Copper(I)-catalyzed 1,3-dipolar cycloaddition
between organic azides
and terminal alkynes, commonly known as CuAAC or click chemistry,
has been identified as one of the most successful, versatile, reliable,
and modular strategies for the rapid and regioselective construction
of 1,4-disubstituted 1,2,3-triazoles as diversely functionalized molecules.

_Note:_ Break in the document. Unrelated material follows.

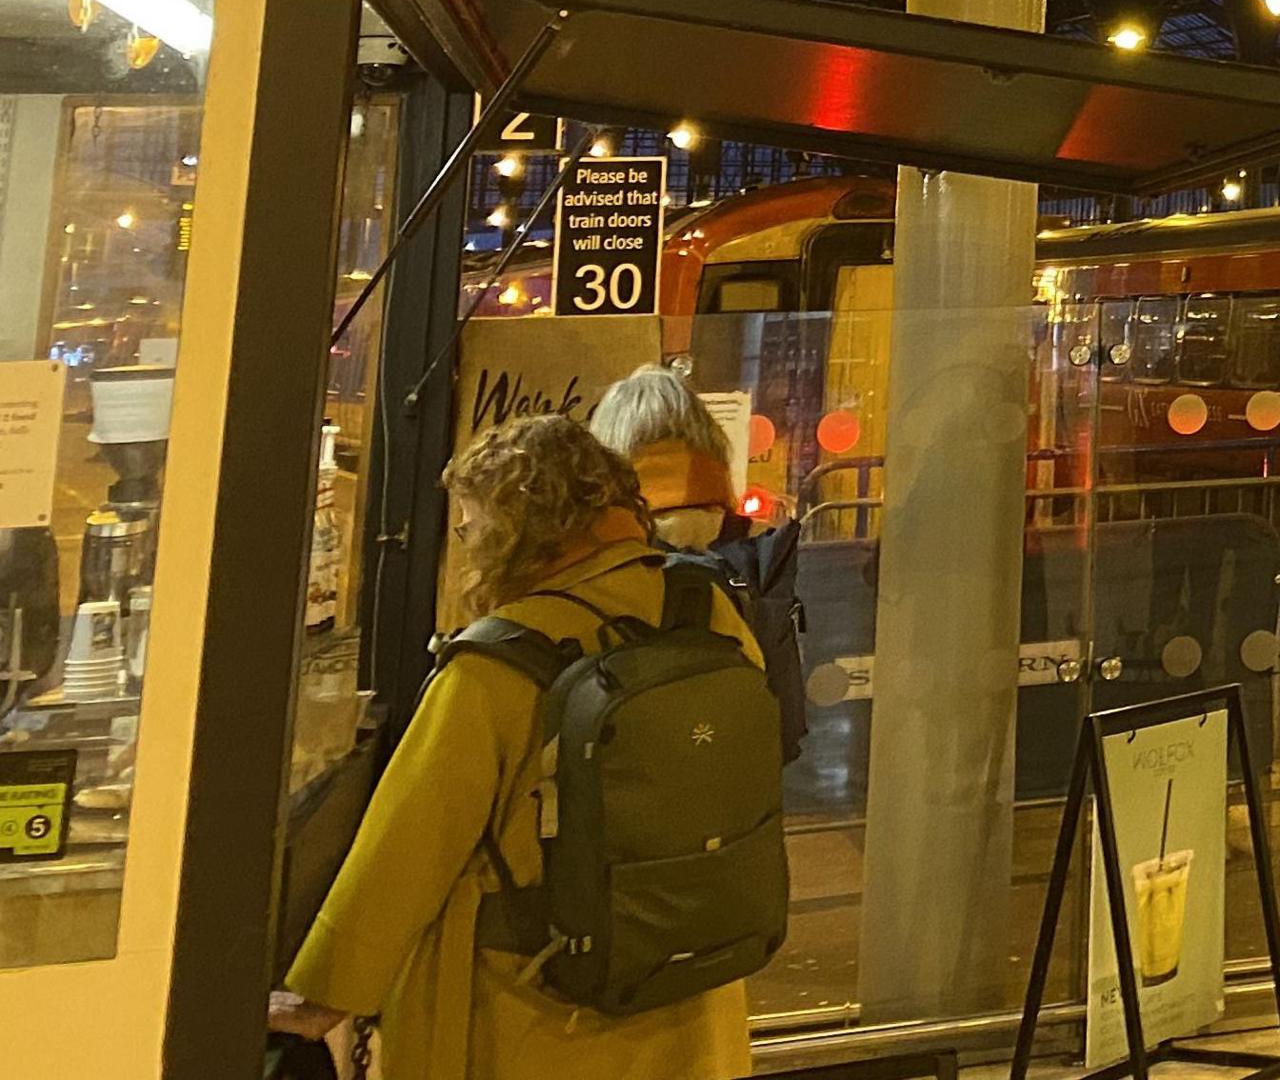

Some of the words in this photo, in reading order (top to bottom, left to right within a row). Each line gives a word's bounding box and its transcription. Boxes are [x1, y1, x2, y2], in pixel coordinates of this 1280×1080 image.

Carbohydrates, an integral part of living cells, have several fascinating
features, including their structural diversity, biocompatibility,
bioavailability, hydrophilicity, and superior ADME properties with
minimal toxicity, which support increased demand to explore them as
versatile scaffolds for easy access to diverse glycohybrids and well-defined
glycoconjugates for complete chemical, biochemical, and pharmacological
investigations. This review highlights the successful development
of CuAAC or click chemistry in emerging areas of glycoscience, including
the synthesis of triazole appended carbohydrate-containing molecular
architectures (mainly glycohybrids, glycoconjugates, glycopolymers,
glycopeptides, glycoproteins, glycolipids, glycoclusters, and glycodendrimers
through regioselective triazole forming modular and bio-orthogonal
coupling protocols). It discusses the widespread applications of these
glycoproducts as enzyme inhibitors in drug discovery and development,
sensing, gelation, chelation, glycosylation, and catalysis. This review
also covers the impact of click chemistry and provides future perspectives
on its role in various emerging disciplines of science and technology.